Chapter 4. Data Safety and Consistency
Tip #29: Write to the journal for single server, replicas for multiserver
In an ideal world, all writes would be instantly, permanently saved to disks and be instantly retrievable from anywhere. Unfortunately, this is impossible in the real world, you can either take more time to make sure your data is safe or save it faster with less safety. MongoDB gives you more knobs to twiddle in this area than it has knobs for everything else combined and it’s important to understand your options.
Replication and journaling are the two approaches to data safety that you can take with MongoDB.
Generally, you should run with replication and have at least one of your servers journaled. The MongoDB blog has a good post on why you shouldn’t run MongoDB (or any database) on a single server.

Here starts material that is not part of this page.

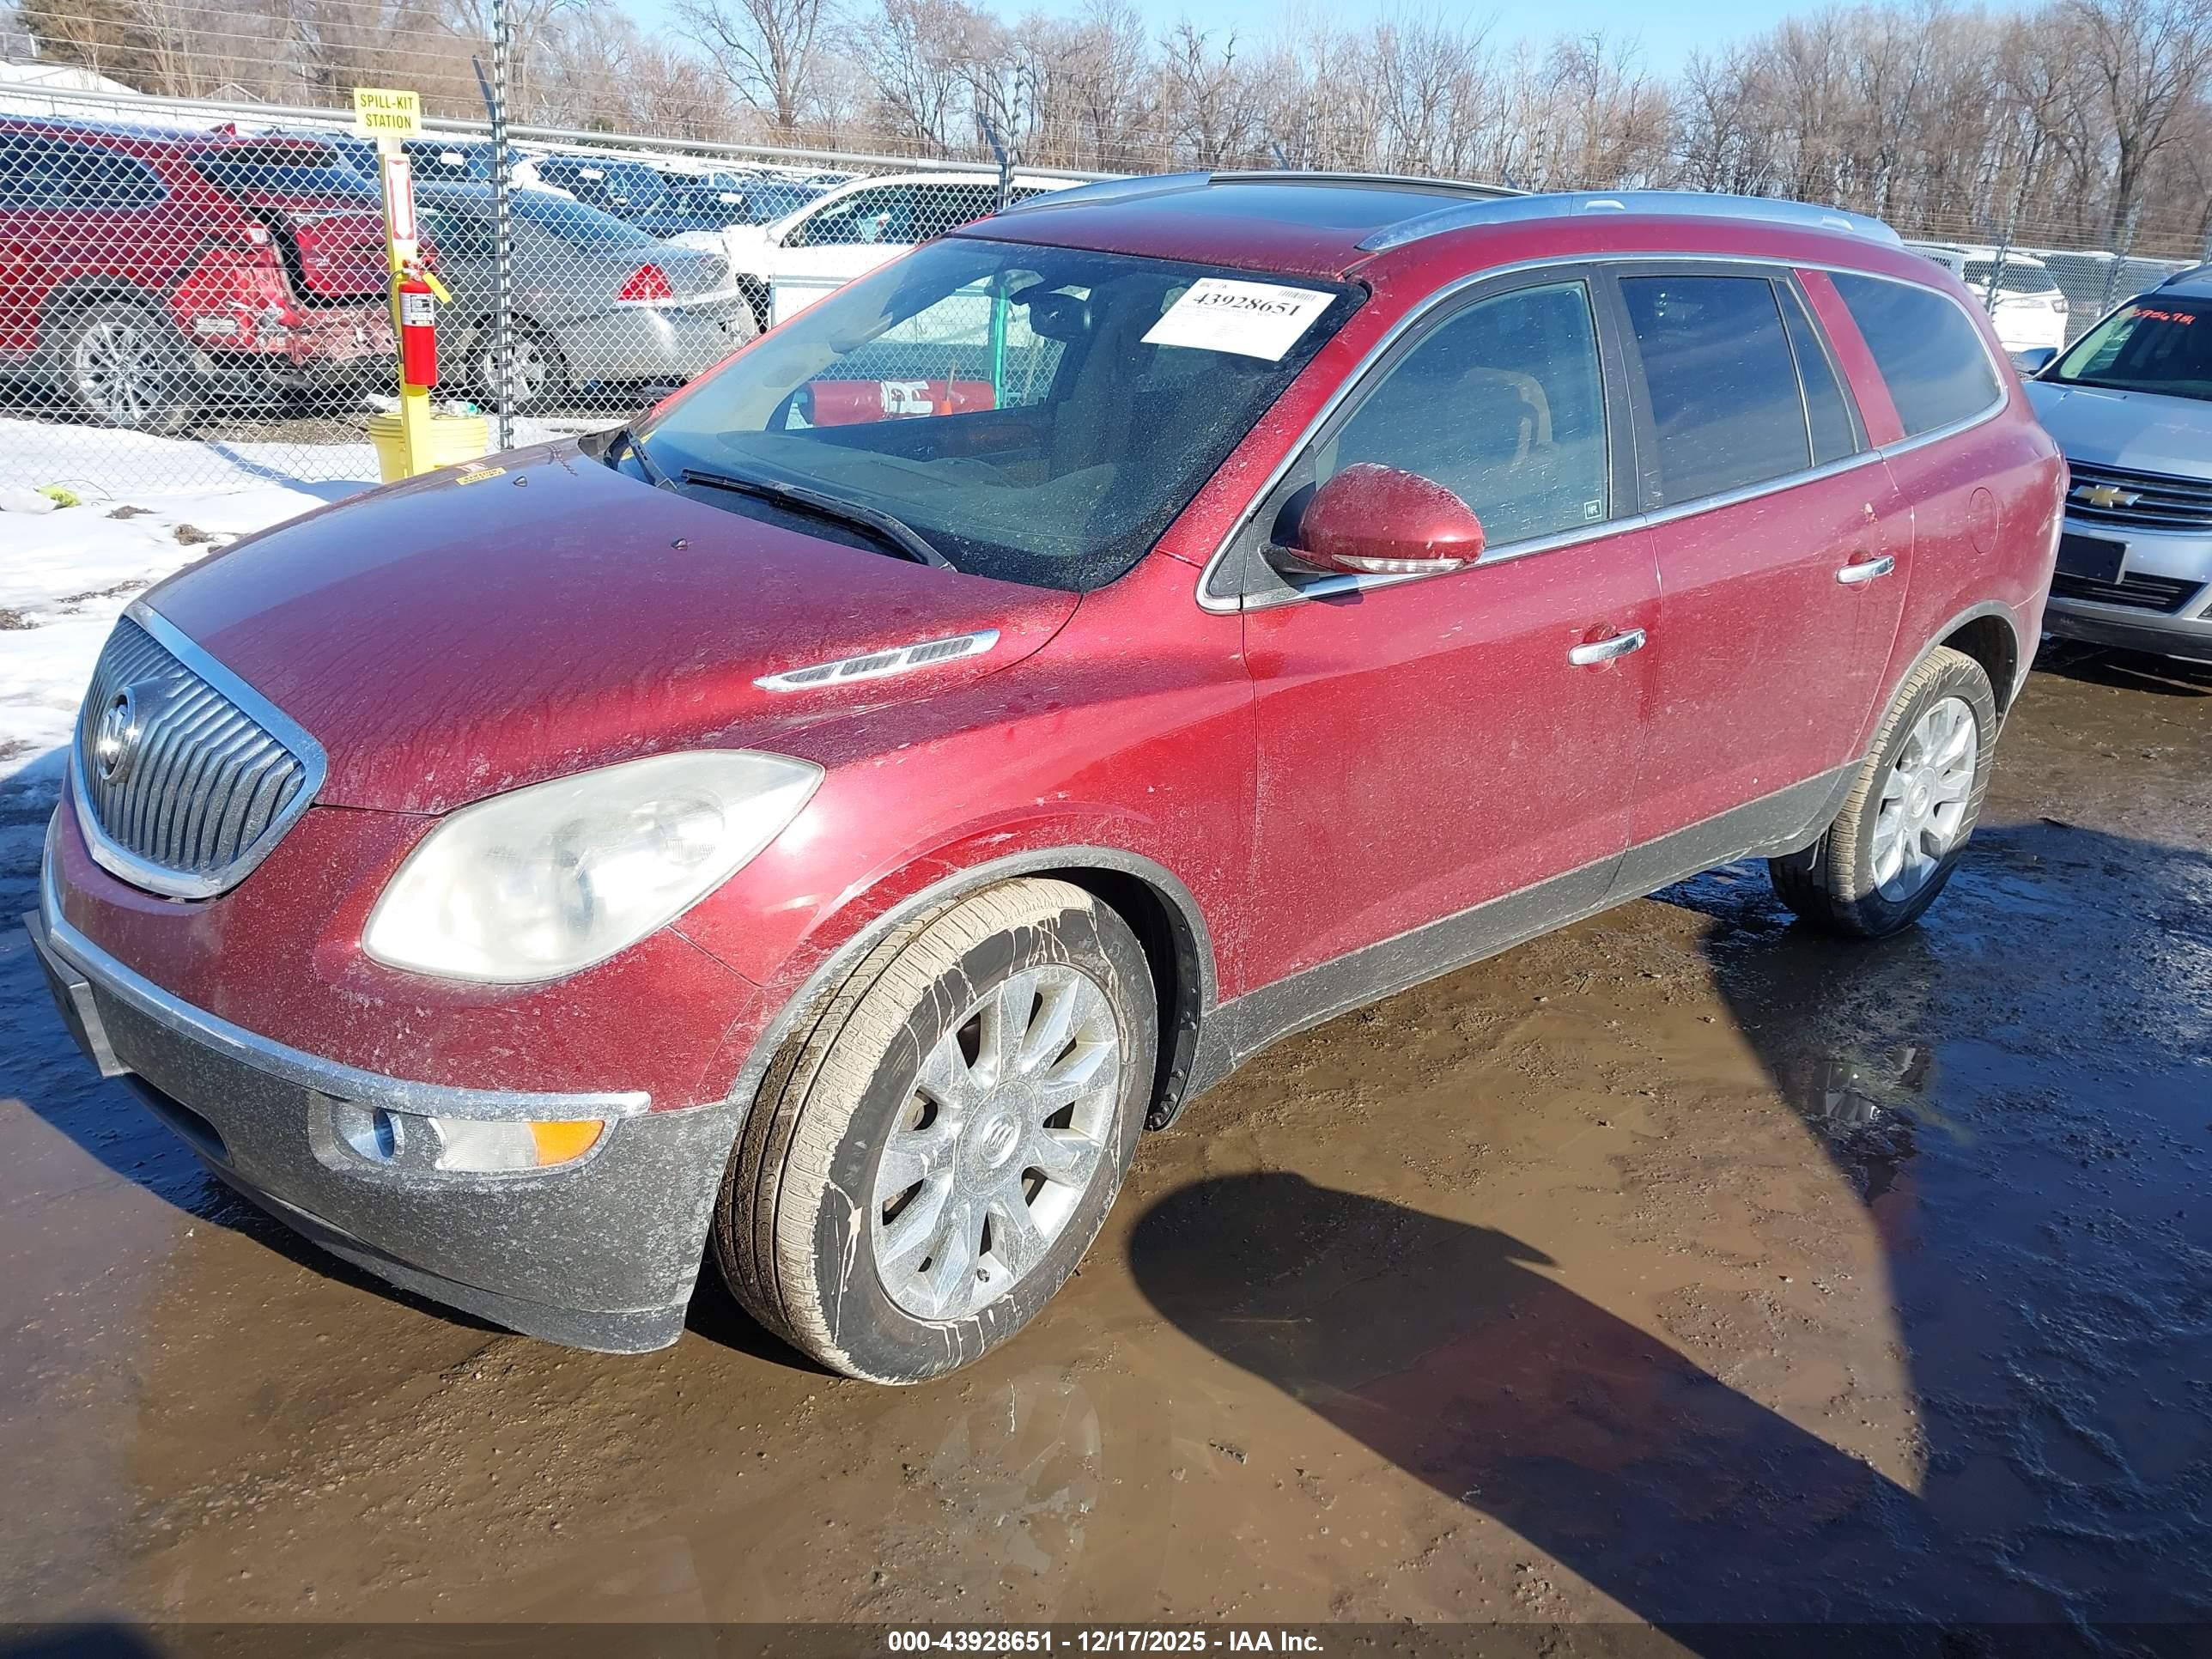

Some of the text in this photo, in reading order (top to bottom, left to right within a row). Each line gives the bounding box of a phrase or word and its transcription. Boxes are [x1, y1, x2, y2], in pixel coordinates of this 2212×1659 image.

[361, 94, 413, 110] SPILL-KIT
[366, 114, 411, 129] STATION
[1193, 293, 1302, 316] 43928651

MongoDB’s replication automatically copies all of your writes to other servers. If your current master goes down, you can bring up another server as the new master (this happens automatically with replica sets).
If a member of a replica set shuts down uncleanly and it was not
running with --journal, MongoDB makes no guarantees about
its data (it may be corrupt). You have to get a clean copy of the data:
either wipe the data and resync it or load a backup and fastsync.
Journaling gives you data safety on a single server. All operations are written to a log (the journal) that is flushed to disk regularly. If your machine crashes but the hardware is OK, you can restart the server ...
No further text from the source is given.